> [Work task]:
The reply should be an exact transcription of every record.

[Collected data entries]
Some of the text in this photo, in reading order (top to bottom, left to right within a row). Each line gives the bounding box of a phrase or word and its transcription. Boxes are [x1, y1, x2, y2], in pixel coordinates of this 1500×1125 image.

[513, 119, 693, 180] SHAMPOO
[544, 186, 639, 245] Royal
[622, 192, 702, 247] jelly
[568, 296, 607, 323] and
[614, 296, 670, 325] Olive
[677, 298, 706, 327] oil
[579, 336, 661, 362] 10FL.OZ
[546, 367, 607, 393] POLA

> [Expected answer]:
Some of the text in this photo, in reading order (top to bottom, left to right within a row). Each line gives the bounding box of a phrase or word and its transcription. Boxes are [x1, y1, x2, y2], in pixel coordinates of this 1500×1125 image.

[513, 119, 693, 180] SHAMPOO
[544, 186, 639, 245] Royal
[622, 192, 702, 247] jelly
[568, 296, 607, 323] and
[614, 296, 670, 325] Olive
[677, 298, 706, 327] oil
[579, 336, 661, 362] 10FL.OZ
[546, 367, 607, 393] POLA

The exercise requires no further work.